**What this task involves**
Your task is to copy the listing exactly. Drop any pictures from the copy.

**Available data**
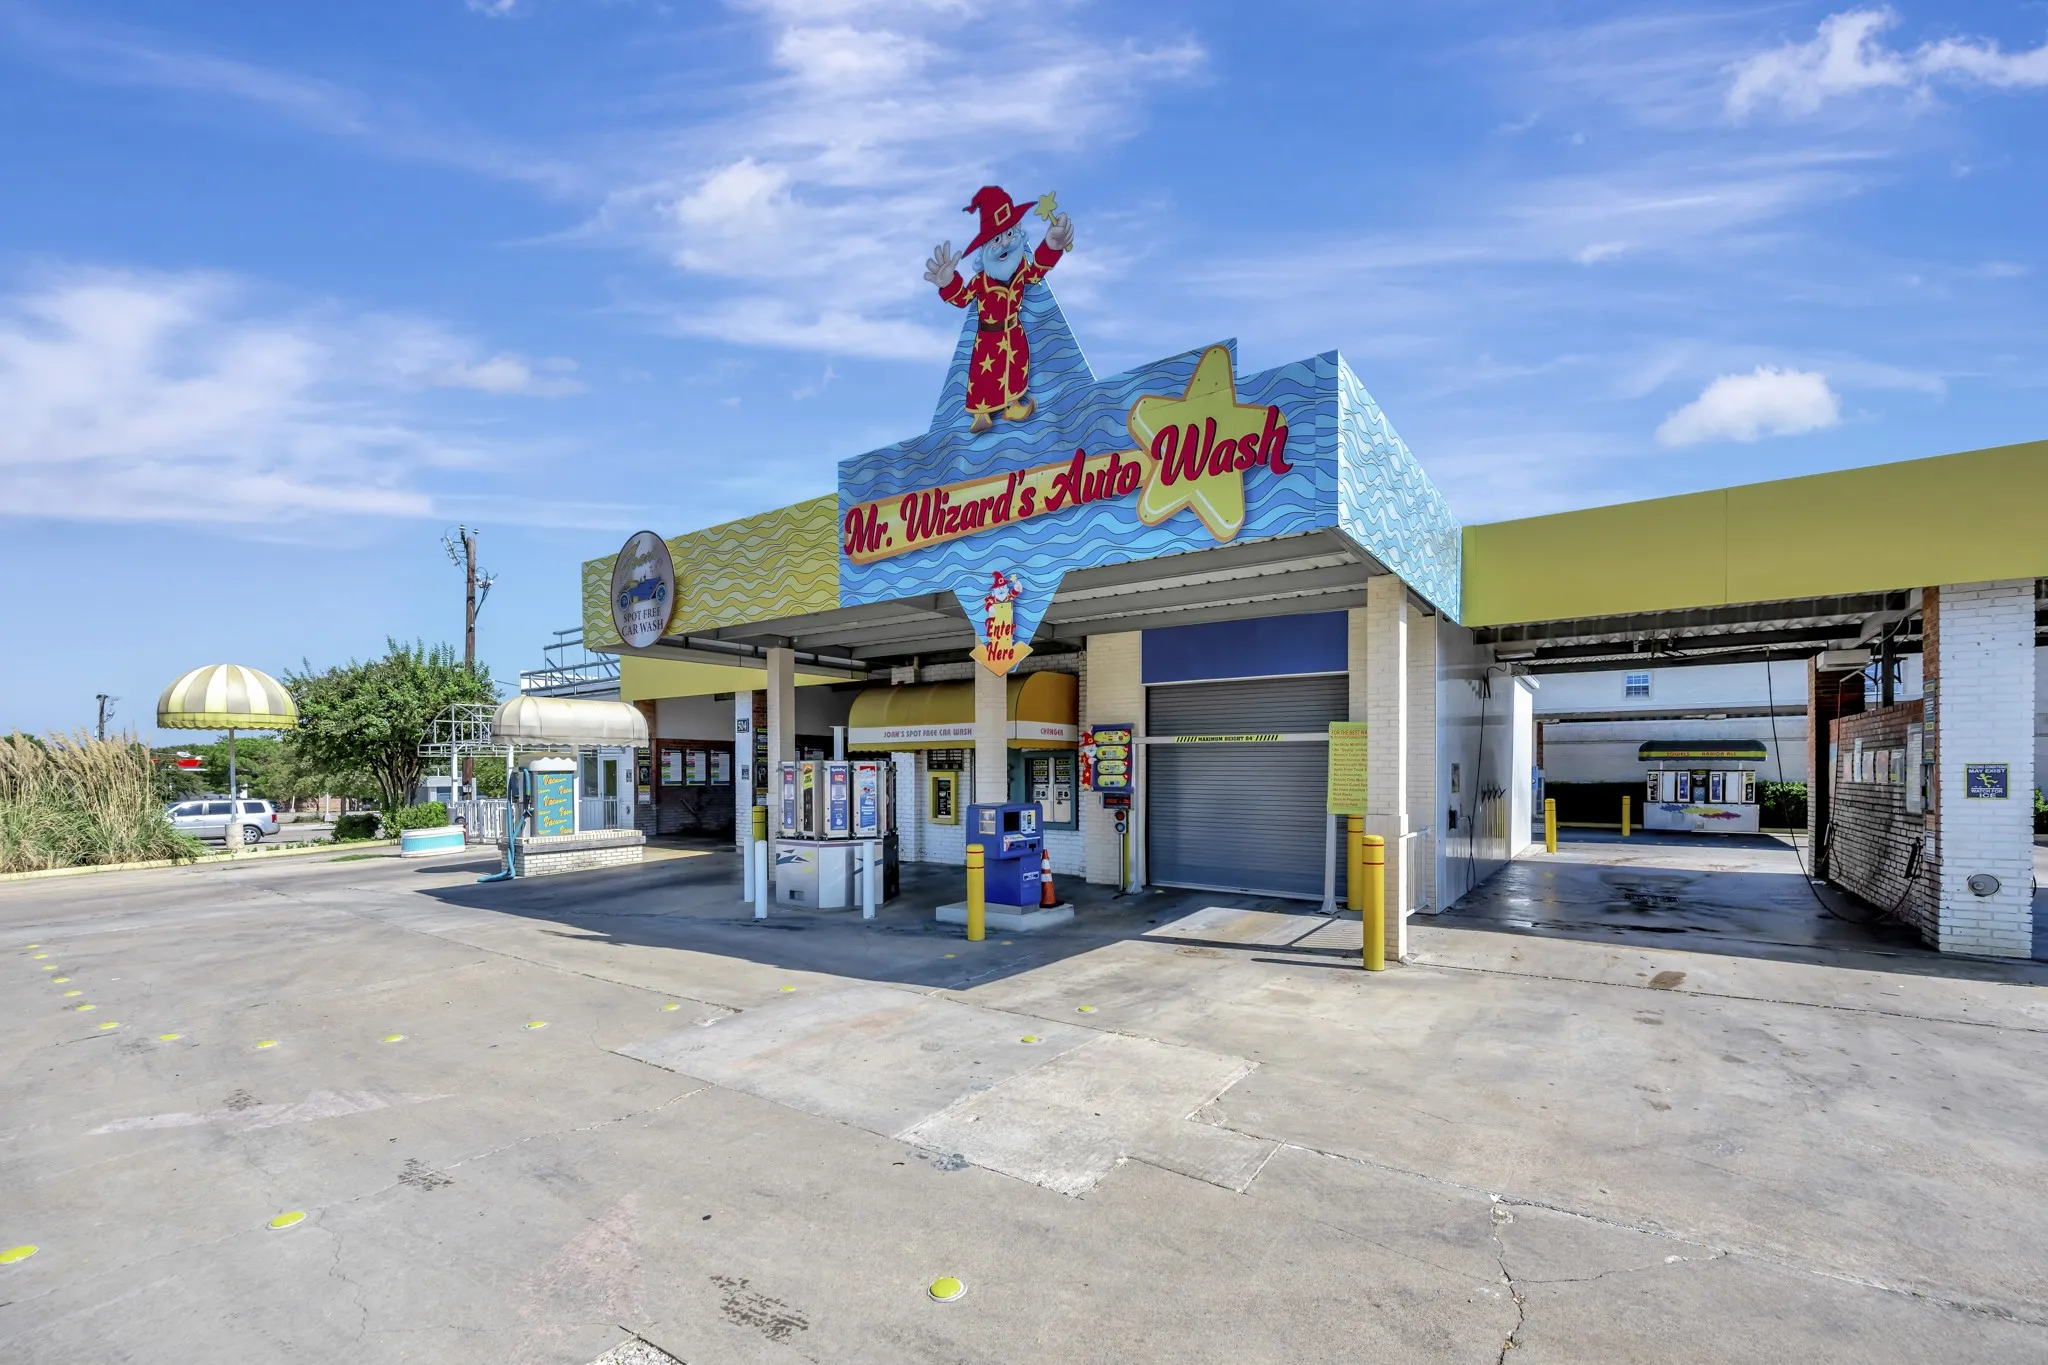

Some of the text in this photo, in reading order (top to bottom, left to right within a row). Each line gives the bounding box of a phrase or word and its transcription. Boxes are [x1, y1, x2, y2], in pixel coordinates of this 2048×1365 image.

[844, 405, 1294, 555] Mr. Wizard's Auto Wash
[623, 607, 661, 623] SPOT FREE
[621, 619, 664, 637] CAR WASH
[984, 617, 1017, 640] Enter
[986, 641, 1014, 661] Here
[906, 730, 921, 738] SPOT
[922, 729, 938, 737] FREE
[953, 728, 972, 736] WASH
[1040, 728, 1064, 736] CHANGER
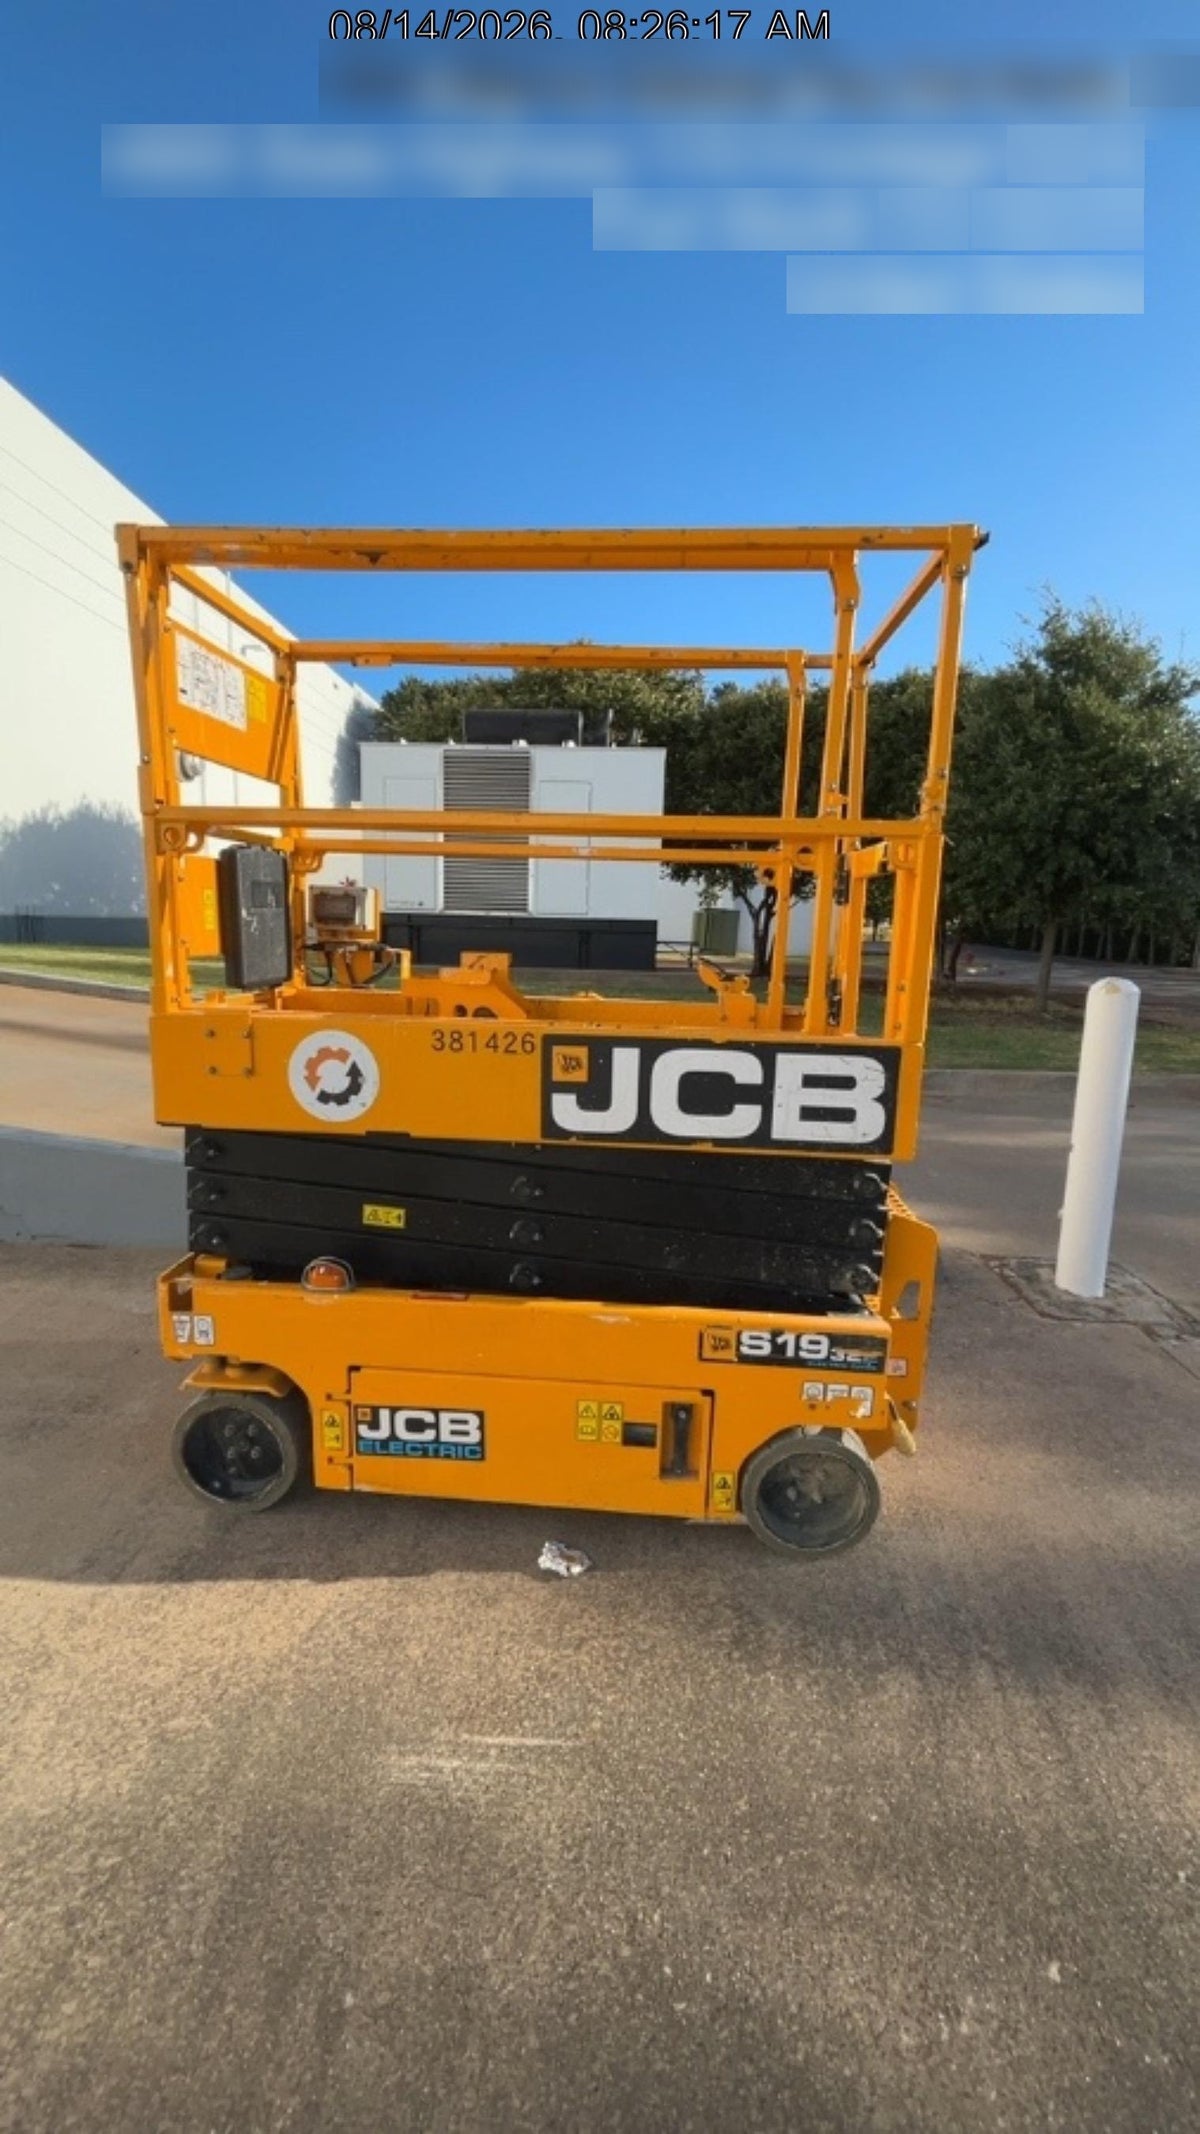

**Answer for this exercise**
Some of the text in this photo, in reading order (top to bottom, left to right within a row). Each line gives the bounding box of a phrase or word and its transcription. Boxes are [x1, y1, x2, y2], in pixel coordinates of this 2048×1365 image.

[844, 405, 1294, 555] Mr. Wizard's Auto Wash
[623, 607, 661, 623] SPOT FREE
[621, 619, 664, 637] CAR WASH
[984, 617, 1017, 640] Enter
[986, 641, 1014, 661] Here
[906, 730, 921, 738] SPOT
[922, 729, 938, 737] FREE
[953, 728, 972, 736] WASH
[1040, 728, 1064, 736] CHANGER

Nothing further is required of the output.